# [Task instructions]
All of the records below need to be returned exactly.

[Saved data entries]
§
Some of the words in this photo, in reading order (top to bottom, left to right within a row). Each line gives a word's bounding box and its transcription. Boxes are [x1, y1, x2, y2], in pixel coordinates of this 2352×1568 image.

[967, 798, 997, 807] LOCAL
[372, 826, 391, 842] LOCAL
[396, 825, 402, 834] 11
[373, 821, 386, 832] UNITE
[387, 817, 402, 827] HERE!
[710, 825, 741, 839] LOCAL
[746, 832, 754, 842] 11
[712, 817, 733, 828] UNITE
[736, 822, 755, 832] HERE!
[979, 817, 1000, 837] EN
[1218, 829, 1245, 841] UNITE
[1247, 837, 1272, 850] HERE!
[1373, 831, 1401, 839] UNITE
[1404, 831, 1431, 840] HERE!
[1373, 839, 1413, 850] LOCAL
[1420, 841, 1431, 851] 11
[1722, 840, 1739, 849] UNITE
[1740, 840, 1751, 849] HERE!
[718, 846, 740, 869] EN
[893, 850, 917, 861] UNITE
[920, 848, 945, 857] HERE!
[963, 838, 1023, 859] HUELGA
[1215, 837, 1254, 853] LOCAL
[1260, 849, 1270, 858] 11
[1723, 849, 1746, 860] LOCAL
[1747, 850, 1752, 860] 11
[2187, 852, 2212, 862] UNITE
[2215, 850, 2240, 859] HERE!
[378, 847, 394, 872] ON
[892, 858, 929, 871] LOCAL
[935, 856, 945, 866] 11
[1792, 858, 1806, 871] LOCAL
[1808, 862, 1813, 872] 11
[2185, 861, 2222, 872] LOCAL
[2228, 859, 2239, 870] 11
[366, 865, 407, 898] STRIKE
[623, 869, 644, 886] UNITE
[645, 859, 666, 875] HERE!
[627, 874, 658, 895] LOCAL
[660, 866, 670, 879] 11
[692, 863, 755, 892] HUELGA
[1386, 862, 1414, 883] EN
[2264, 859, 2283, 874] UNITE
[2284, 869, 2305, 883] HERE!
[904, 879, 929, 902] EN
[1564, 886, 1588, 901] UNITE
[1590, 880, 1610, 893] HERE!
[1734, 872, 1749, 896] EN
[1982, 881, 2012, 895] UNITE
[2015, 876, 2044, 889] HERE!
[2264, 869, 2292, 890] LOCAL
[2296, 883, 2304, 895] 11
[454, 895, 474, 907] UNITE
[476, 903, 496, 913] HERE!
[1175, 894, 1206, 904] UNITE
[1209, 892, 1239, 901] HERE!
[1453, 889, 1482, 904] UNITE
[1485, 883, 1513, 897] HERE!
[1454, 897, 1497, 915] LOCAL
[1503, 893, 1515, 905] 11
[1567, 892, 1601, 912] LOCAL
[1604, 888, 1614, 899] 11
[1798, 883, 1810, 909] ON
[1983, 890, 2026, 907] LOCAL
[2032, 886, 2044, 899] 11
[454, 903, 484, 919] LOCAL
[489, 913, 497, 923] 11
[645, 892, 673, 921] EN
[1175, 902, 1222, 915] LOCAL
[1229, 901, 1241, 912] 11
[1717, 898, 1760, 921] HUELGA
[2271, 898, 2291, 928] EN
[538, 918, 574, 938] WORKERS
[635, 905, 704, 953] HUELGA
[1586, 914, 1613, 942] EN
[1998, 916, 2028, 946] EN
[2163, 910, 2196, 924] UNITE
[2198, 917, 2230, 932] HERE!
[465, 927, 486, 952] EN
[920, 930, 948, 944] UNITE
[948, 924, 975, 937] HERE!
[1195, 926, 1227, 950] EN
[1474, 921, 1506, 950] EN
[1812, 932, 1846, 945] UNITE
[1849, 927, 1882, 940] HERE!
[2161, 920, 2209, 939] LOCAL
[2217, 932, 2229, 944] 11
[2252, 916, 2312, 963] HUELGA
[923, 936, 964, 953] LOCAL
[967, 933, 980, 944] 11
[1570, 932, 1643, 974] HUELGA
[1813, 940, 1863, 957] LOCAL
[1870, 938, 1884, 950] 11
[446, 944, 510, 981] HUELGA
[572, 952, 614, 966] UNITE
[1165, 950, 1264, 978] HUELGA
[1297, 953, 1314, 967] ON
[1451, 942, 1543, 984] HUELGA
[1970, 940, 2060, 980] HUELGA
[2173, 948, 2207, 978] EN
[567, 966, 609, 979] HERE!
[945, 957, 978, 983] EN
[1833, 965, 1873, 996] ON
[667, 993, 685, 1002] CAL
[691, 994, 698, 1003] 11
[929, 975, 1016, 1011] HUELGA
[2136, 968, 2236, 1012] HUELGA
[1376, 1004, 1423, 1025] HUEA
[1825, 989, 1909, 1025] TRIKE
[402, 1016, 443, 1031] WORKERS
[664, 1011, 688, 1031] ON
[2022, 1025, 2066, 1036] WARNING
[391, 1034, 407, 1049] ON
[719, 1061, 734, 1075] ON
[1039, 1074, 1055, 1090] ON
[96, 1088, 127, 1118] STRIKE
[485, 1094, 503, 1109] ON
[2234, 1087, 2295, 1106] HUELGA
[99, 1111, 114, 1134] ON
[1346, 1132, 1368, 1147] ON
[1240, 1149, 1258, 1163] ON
§
# [Answer to the exercise]
Some of the words in this photo, in reading order (top to bottom, left to right within a row). Each line gives a word's bounding box and its transcription. Boxes are [x1, y1, x2, y2], in pixel coordinates of this 2352×1568 image.

[967, 798, 997, 807] LOCAL
[372, 826, 391, 842] LOCAL
[396, 825, 402, 834] 11
[373, 821, 386, 832] UNITE
[387, 817, 402, 827] HERE!
[710, 825, 741, 839] LOCAL
[746, 832, 754, 842] 11
[712, 817, 733, 828] UNITE
[736, 822, 755, 832] HERE!
[979, 817, 1000, 837] EN
[1218, 829, 1245, 841] UNITE
[1247, 837, 1272, 850] HERE!
[1373, 831, 1401, 839] UNITE
[1404, 831, 1431, 840] HERE!
[1373, 839, 1413, 850] LOCAL
[1420, 841, 1431, 851] 11
[1722, 840, 1739, 849] UNITE
[1740, 840, 1751, 849] HERE!
[718, 846, 740, 869] EN
[893, 850, 917, 861] UNITE
[920, 848, 945, 857] HERE!
[963, 838, 1023, 859] HUELGA
[1215, 837, 1254, 853] LOCAL
[1260, 849, 1270, 858] 11
[1723, 849, 1746, 860] LOCAL
[1747, 850, 1752, 860] 11
[2187, 852, 2212, 862] UNITE
[2215, 850, 2240, 859] HERE!
[378, 847, 394, 872] ON
[892, 858, 929, 871] LOCAL
[935, 856, 945, 866] 11
[1792, 858, 1806, 871] LOCAL
[1808, 862, 1813, 872] 11
[2185, 861, 2222, 872] LOCAL
[2228, 859, 2239, 870] 11
[366, 865, 407, 898] STRIKE
[623, 869, 644, 886] UNITE
[645, 859, 666, 875] HERE!
[627, 874, 658, 895] LOCAL
[660, 866, 670, 879] 11
[692, 863, 755, 892] HUELGA
[1386, 862, 1414, 883] EN
[2264, 859, 2283, 874] UNITE
[2284, 869, 2305, 883] HERE!
[904, 879, 929, 902] EN
[1564, 886, 1588, 901] UNITE
[1590, 880, 1610, 893] HERE!
[1734, 872, 1749, 896] EN
[1982, 881, 2012, 895] UNITE
[2015, 876, 2044, 889] HERE!
[2264, 869, 2292, 890] LOCAL
[2296, 883, 2304, 895] 11
[454, 895, 474, 907] UNITE
[476, 903, 496, 913] HERE!
[1175, 894, 1206, 904] UNITE
[1209, 892, 1239, 901] HERE!
[1453, 889, 1482, 904] UNITE
[1485, 883, 1513, 897] HERE!
[1454, 897, 1497, 915] LOCAL
[1503, 893, 1515, 905] 11
[1567, 892, 1601, 912] LOCAL
[1604, 888, 1614, 899] 11
[1798, 883, 1810, 909] ON
[1983, 890, 2026, 907] LOCAL
[2032, 886, 2044, 899] 11
[454, 903, 484, 919] LOCAL
[489, 913, 497, 923] 11
[645, 892, 673, 921] EN
[1175, 902, 1222, 915] LOCAL
[1229, 901, 1241, 912] 11
[1717, 898, 1760, 921] HUELGA
[2271, 898, 2291, 928] EN
[538, 918, 574, 938] WORKERS
[635, 905, 704, 953] HUELGA
[1586, 914, 1613, 942] EN
[1998, 916, 2028, 946] EN
[2163, 910, 2196, 924] UNITE
[2198, 917, 2230, 932] HERE!
[465, 927, 486, 952] EN
[920, 930, 948, 944] UNITE
[948, 924, 975, 937] HERE!
[1195, 926, 1227, 950] EN
[1474, 921, 1506, 950] EN
[1812, 932, 1846, 945] UNITE
[1849, 927, 1882, 940] HERE!
[2161, 920, 2209, 939] LOCAL
[2217, 932, 2229, 944] 11
[2252, 916, 2312, 963] HUELGA
[923, 936, 964, 953] LOCAL
[967, 933, 980, 944] 11
[1570, 932, 1643, 974] HUELGA
[1813, 940, 1863, 957] LOCAL
[1870, 938, 1884, 950] 11
[446, 944, 510, 981] HUELGA
[572, 952, 614, 966] UNITE
[1165, 950, 1264, 978] HUELGA
[1297, 953, 1314, 967] ON
[1451, 942, 1543, 984] HUELGA
[1970, 940, 2060, 980] HUELGA
[2173, 948, 2207, 978] EN
[567, 966, 609, 979] HERE!
[945, 957, 978, 983] EN
[1833, 965, 1873, 996] ON
[667, 993, 685, 1002] CAL
[691, 994, 698, 1003] 11
[929, 975, 1016, 1011] HUELGA
[2136, 968, 2236, 1012] HUELGA
[1376, 1004, 1423, 1025] HUEA
[1825, 989, 1909, 1025] TRIKE
[402, 1016, 443, 1031] WORKERS
[664, 1011, 688, 1031] ON
[2022, 1025, 2066, 1036] WARNING
[391, 1034, 407, 1049] ON
[719, 1061, 734, 1075] ON
[1039, 1074, 1055, 1090] ON
[96, 1088, 127, 1118] STRIKE
[485, 1094, 503, 1109] ON
[2234, 1087, 2295, 1106] HUELGA
[99, 1111, 114, 1134] ON
[1346, 1132, 1368, 1147] ON
[1240, 1149, 1258, 1163] ON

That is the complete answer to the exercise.